Madeira reforça vigilância com sistema de detecção remota de incêndios florestais

O protótipo deste sistema de detecção possui uma torre equipada com câmaras de controlo remoto, instalado nas serras do Funchal. A ideia passa ainda por instalar mais cinco câmaras de modo a cobrir cerca de 50% da área florestal da Madeira, disse o presidente do Governo Regional.

A Madeira instalou um sistema de detecção de incêndios florestais, no valor de 700 mil euros, com o intuito de complementar as funções do Serviço de Protecção Civil e do Instituto de Florestas, anunciou o executivo madeirense.

“O nosso sistema baseia-se na vigilância, temos torres de vigilância e patrulhamento móvel no âmbito do POCIF (Plano Operacional de Combate a Incêndio Florestais) e este é um projeto-piloto que vem complementar todo o trabalho de prevenção e deteção de incêndios que já é feito pela Proteção Civil e pelo Instituto das Florestas”, disse o presidente do Governo Regional.

Miguel Albuquerque fez estas declarações durante a apresentação do protótipo do novo sistema, uma torre equipada com câmaras de controlo remoto, instalada na zona do Paredão, nas serras do concelho do Funchal.

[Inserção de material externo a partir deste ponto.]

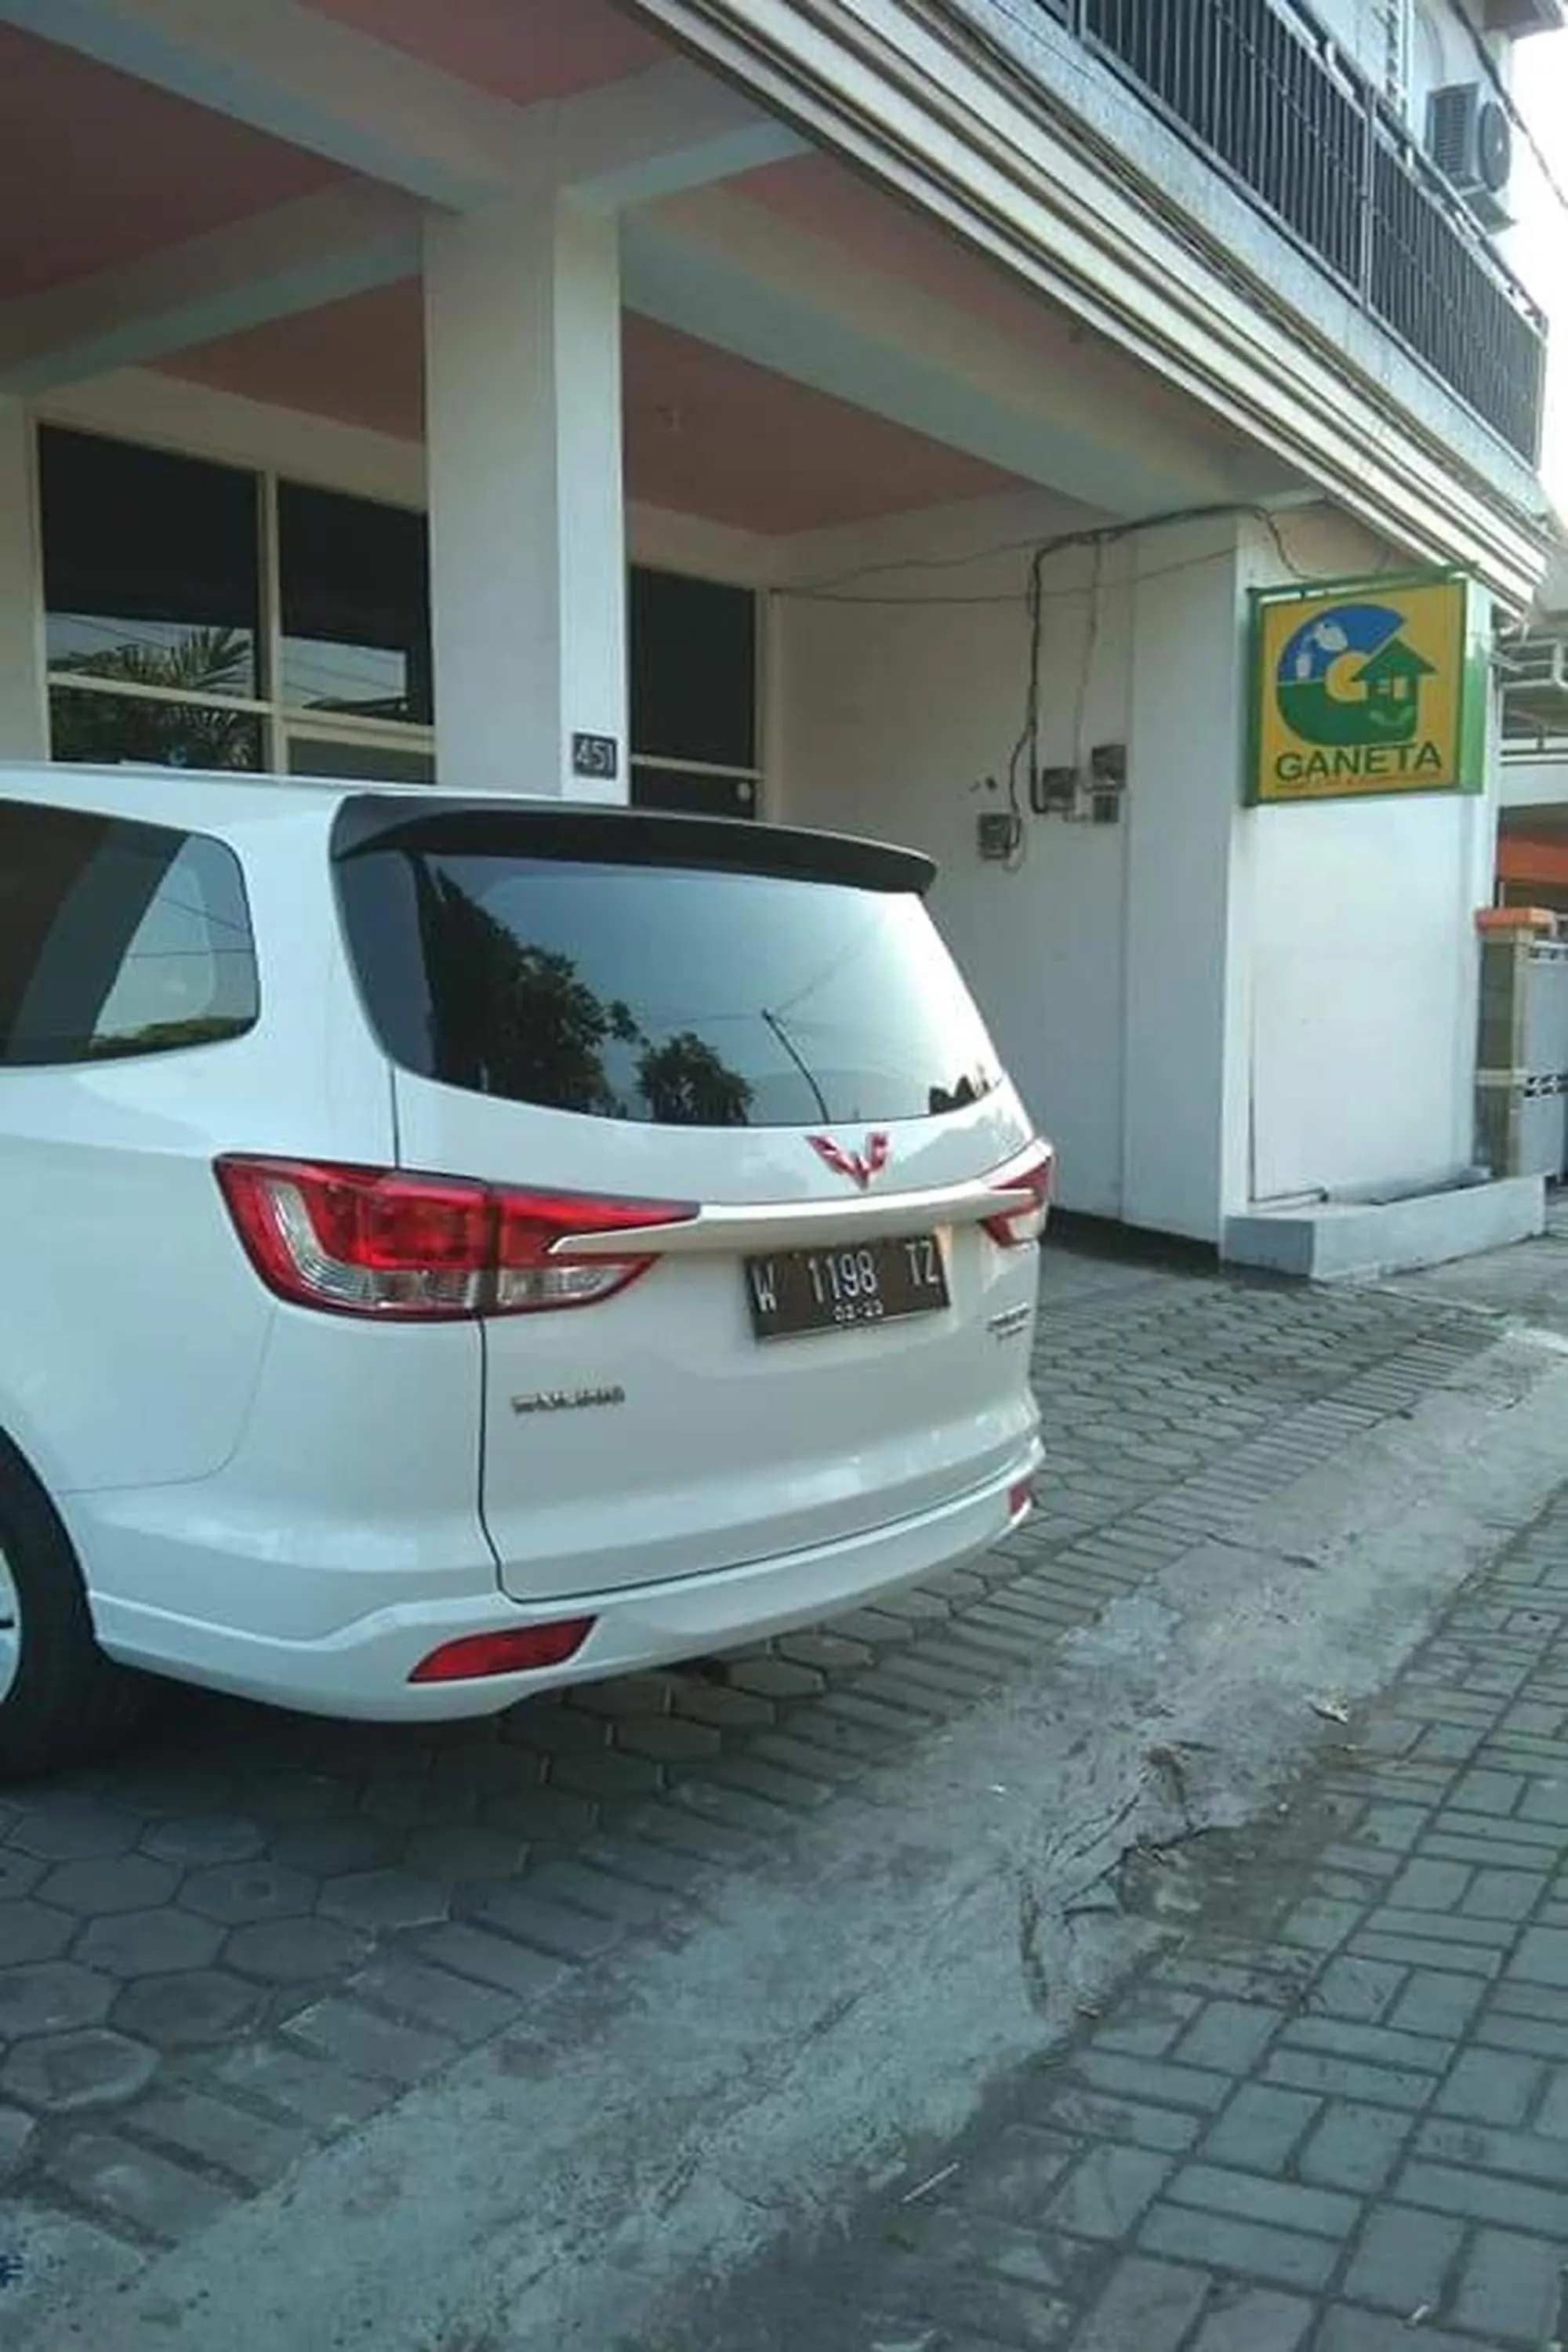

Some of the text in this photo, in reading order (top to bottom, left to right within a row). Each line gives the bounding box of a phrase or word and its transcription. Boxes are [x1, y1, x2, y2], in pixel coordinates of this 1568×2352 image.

[1275, 740, 1443, 782] GANETA
[753, 1240, 939, 1312] W 1198 TZ
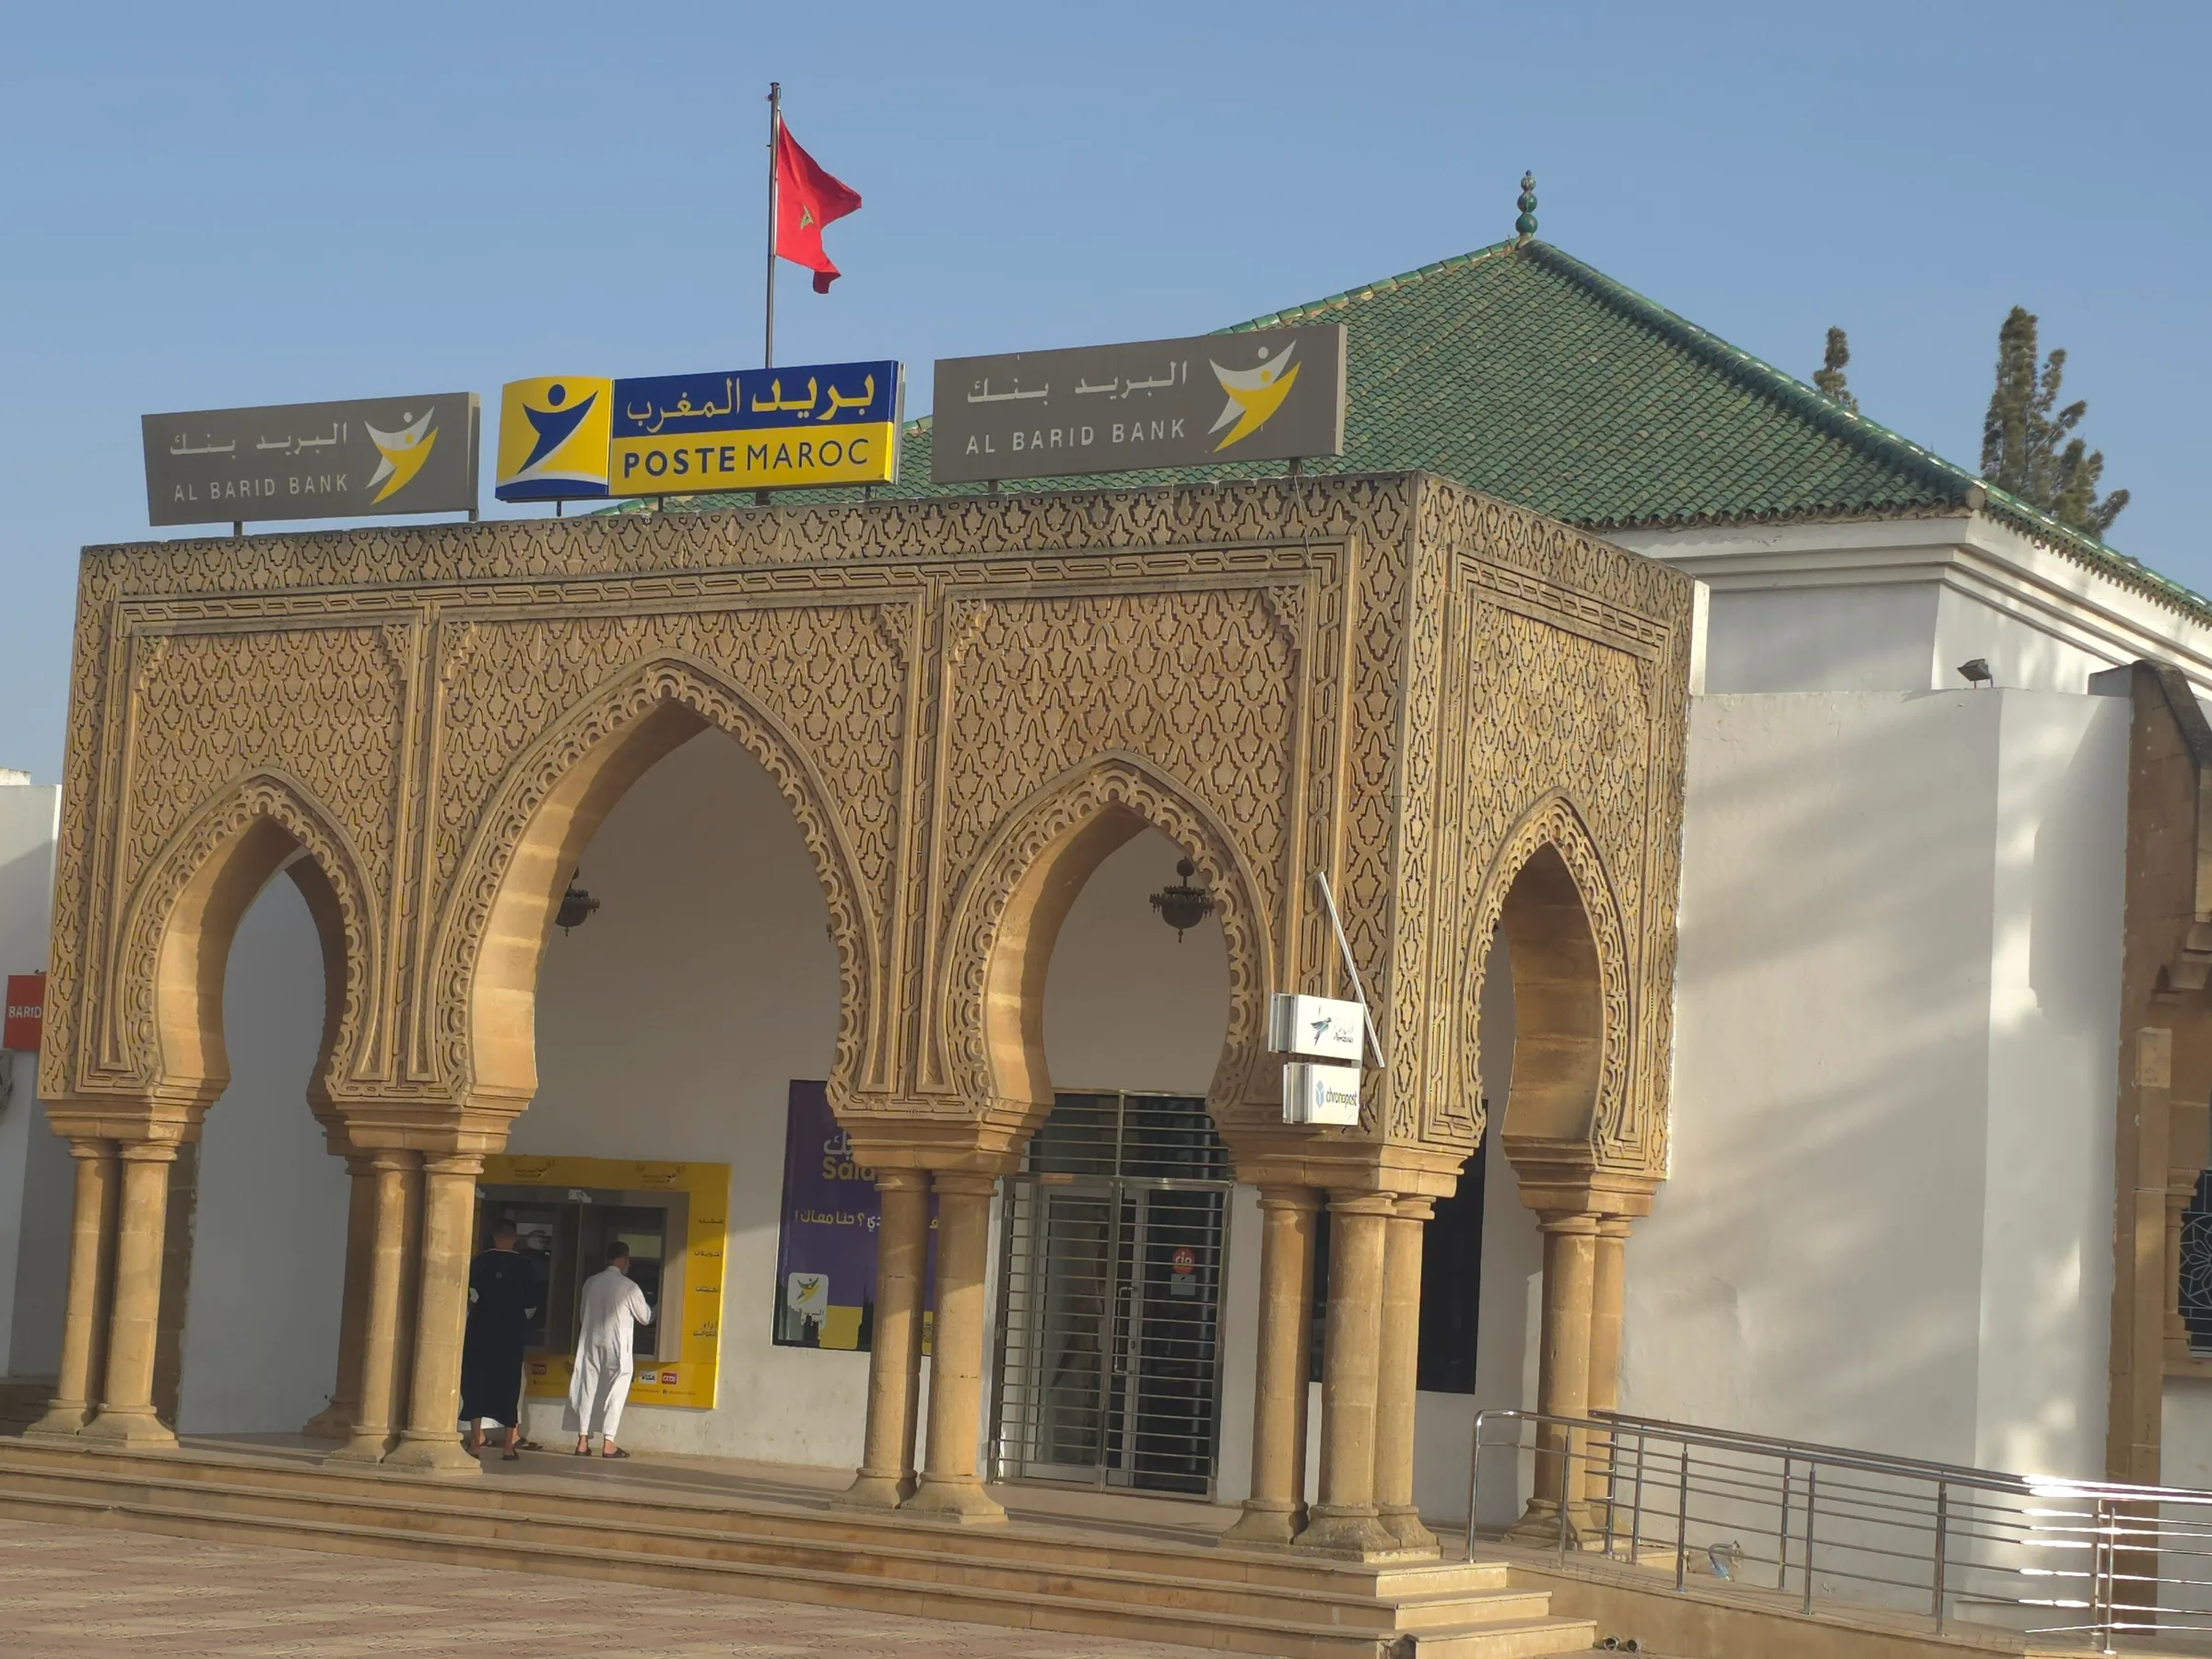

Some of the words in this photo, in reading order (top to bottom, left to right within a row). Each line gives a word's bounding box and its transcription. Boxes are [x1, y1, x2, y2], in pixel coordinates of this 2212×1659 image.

“A ideia é avançar com a colocação de mais cinco câmaras para cobrir cerca de 50% da área florestal da Madeira, nas zonas mais propícias à ignição de incêndios e com capacidade para abarcar áreas vastas”, explicou Miguel Albuquerque, vincando que se trata de um “sistema fiável”.

Os equipamentos permitem detetar fogos com cerca de dois metros quadrados a cinco quilómetros de distância, sendo que as câmaras têm também capacidade para fazer ‘zoom’ de áreas a dez quilómetros de distância.

Numa demonstração efetuada no local, o equipamento de georreferenciação detetou em apenas três minutos um pequeno fogo localizado a três quilómetros, já nas serras do concelho de Câmara de Lobos, a oeste do Funchal.

Miguel Albuquerque disse que o sistema deverá estar totalmente montado dentro de seis meses.

O projeto é liderado pela Secretaria Regional dos Equipamentos e Infraestruturas, através do Laboratório Regional de Engenharia Civil, e conta com financiamento comunitário via POSEUR – Programa Operacional Sustentabilidade e Eficiência no Uso de Recursos.